Илья достал стофранковую купюру и сунул ему в карман:

– Если придут еще раз, зафиксируй и покажи мне, интересно, кто такие.

– Что им сказать?

– Скажи – не знаю, оставьте телефон, позвоню, хорошо?

– Договорились! Если что, позвоню. Надеюсь, Илья, ничего серьезного?

– Не беспокойся, ты человек умный, не ошибешься.

Илья выпил кофе в гостиничном кафе и уже через десять минут сидел за рулем BMW.

Как будто какая-то сила управляла им и заставляла действовать против своей воли. Как он оказался на автобане, чего хотел, куда ехал – было неизвестно. И машина, и он сам были словно на автопилоте. Он пришел в себя только тогда, когда оказался возле того поворота в Лозанне, который вел в сторону старика. По этому пути он проезжал всего один раз, когда привез старику лекарство из Тбилиси. Тогда его вез шофер Бориса.

Отступать он не собирался. Незнакомая сила независимо от него вела его по этой дороге. Ему вспомнился вчерашний разговор с Ирен, когда она спросила, когда он собирается навестить дедушку. Илья был очень категоричен:

– Не собираюсь.

А сейчас мчался к ним.

– Обманул? Да, получается так…

Когда он подъехал к воротам окутанного туманом парка, мысли его прояснились. Пульта от ворот у него, конечно, не было, и он остановился у ограды. Вокруг не было ни души, машин тоже не было видно. Из радиоприемника доносился тоскливый хит Брайана Адамса. Парк был окутан туманом, все еще моросило, но тяжесть с души как будто исчезла, и настроение уже было совершенно другим. Сейчас ему нужно было как можно больше энергии и позитива, чтобы передать старику.

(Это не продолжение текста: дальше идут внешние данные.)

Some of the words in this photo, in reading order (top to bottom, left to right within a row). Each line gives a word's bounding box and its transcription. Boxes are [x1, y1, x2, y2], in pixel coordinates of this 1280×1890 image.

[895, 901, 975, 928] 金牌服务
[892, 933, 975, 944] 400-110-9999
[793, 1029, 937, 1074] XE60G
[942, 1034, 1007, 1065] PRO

Машинально он трижды мигнул фарами на ворота, трижды посигналил и удивился, когда ворота стали открываться. Камеры наблюдения вроде бы не было, никого поблизости тоже не было видно. Он глянул в зеркало заднего вида, но и там не увидел никого, кто бы мог открыть ворота пультом.

Илья тронул машину с места и медленно поехал вперед. Здесь он уже точно знал, по какой тропинке ехать, хотя не было ни одного дорожного указателя. Через три минуты он уже был возле ворот хорошо знакомого здания и еще раз посветил фарами, но уже не сигналил. Ворота сразу же открылись. Илья поставил машину на паркинг, оружие бросил в бардачок и закрыл на ключ. Быстрым шагом, чтобы не намокнуть, он пошел к центральному входу.

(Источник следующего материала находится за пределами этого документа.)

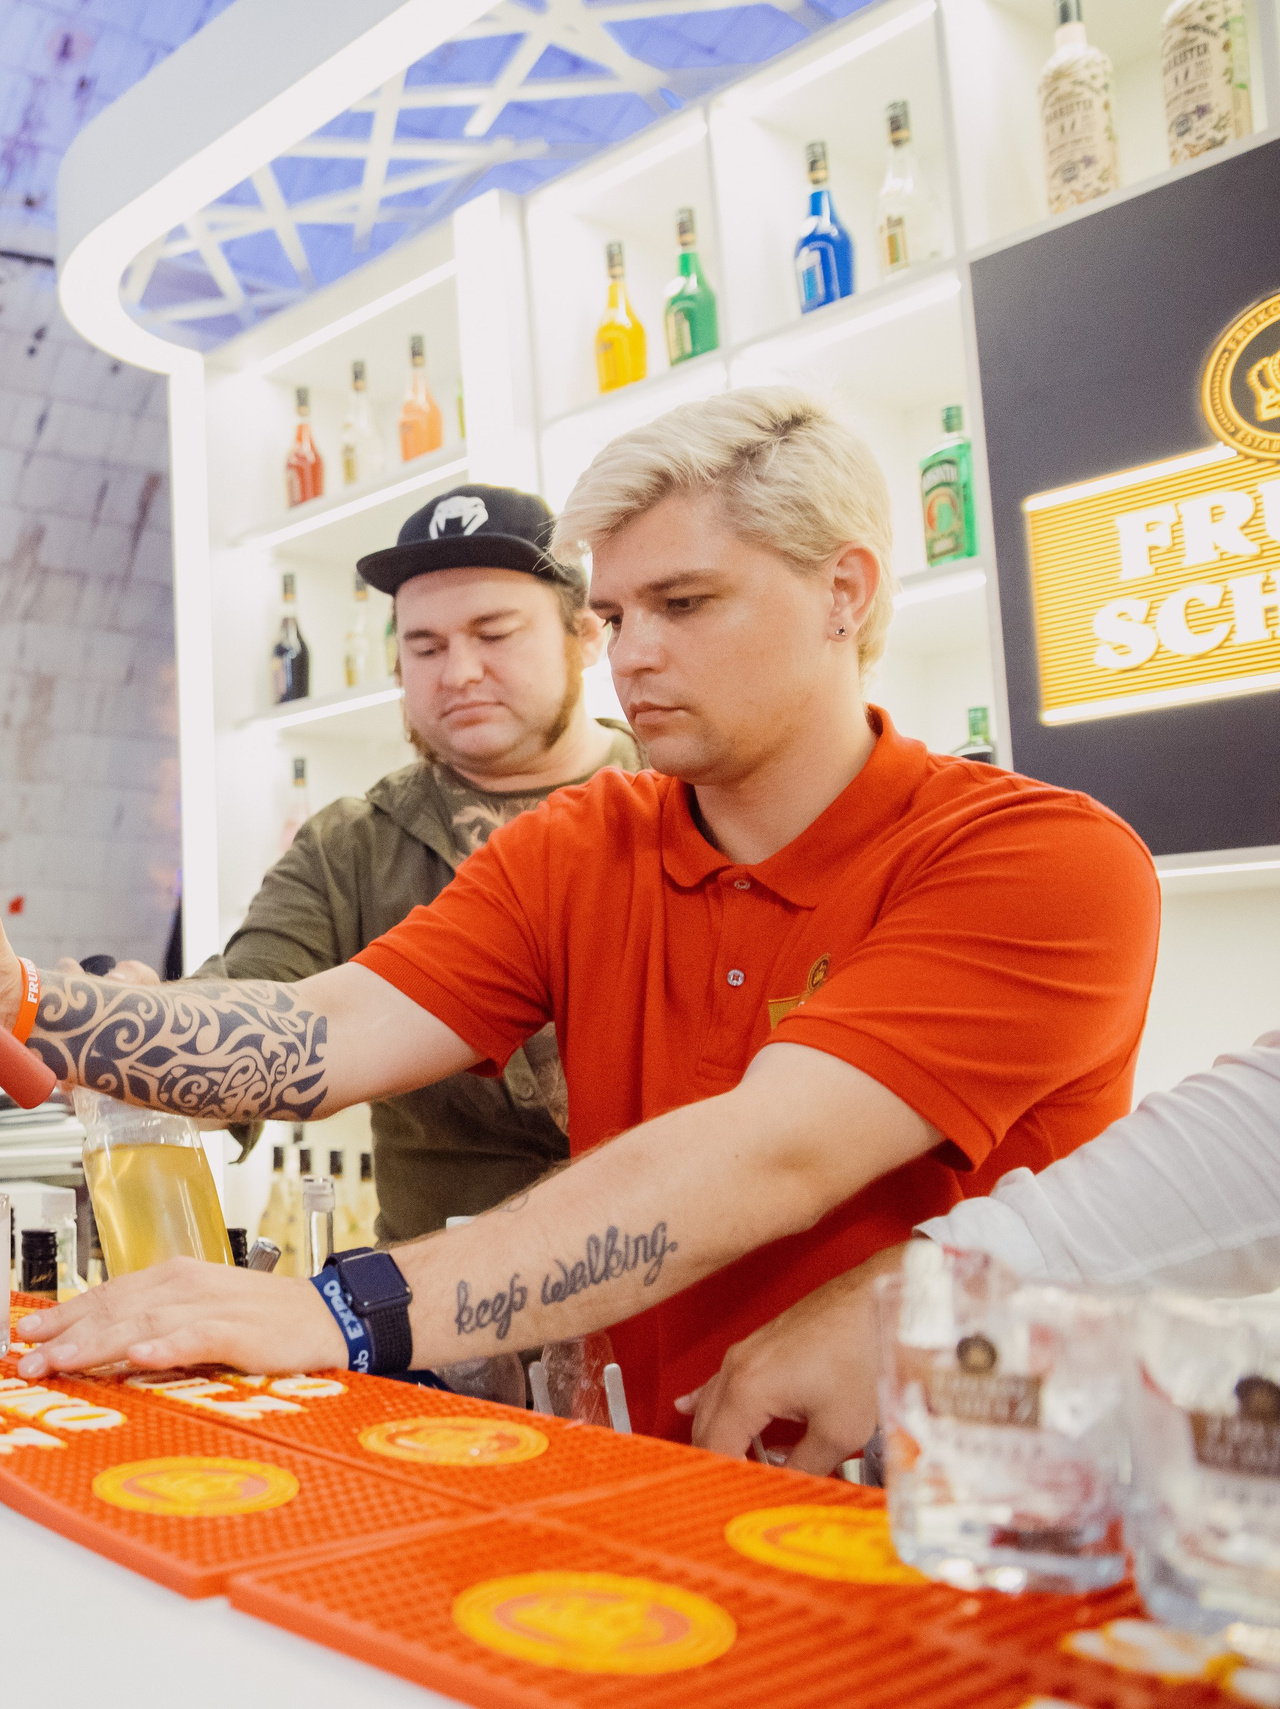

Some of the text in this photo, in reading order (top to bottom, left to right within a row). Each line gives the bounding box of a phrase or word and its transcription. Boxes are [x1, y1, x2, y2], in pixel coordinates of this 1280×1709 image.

[1092, 569, 1280, 672] SCH
[323, 1280, 365, 1340] EXPO
[455, 1273, 528, 1340] keep

У дверей стоял улыбающийся Пьер. Они сердечно поздоровались.

– Как хорошо, что вы приехали, месье Илья! Дедушке очень плохо… – сказал Пьер.

Энергичными шагами Илья поднялся на второй этаж и открыл дверь в комнату старика.

Кроме незнакомого врача, в комнате был доктор Николь, они о чем-то тихо совещались. Старик лежал с закрытыми глазами, его безжизненное лицо было лилового цвета, так же как тогда, когда Илья впервые увидел его в клинике «Женолье».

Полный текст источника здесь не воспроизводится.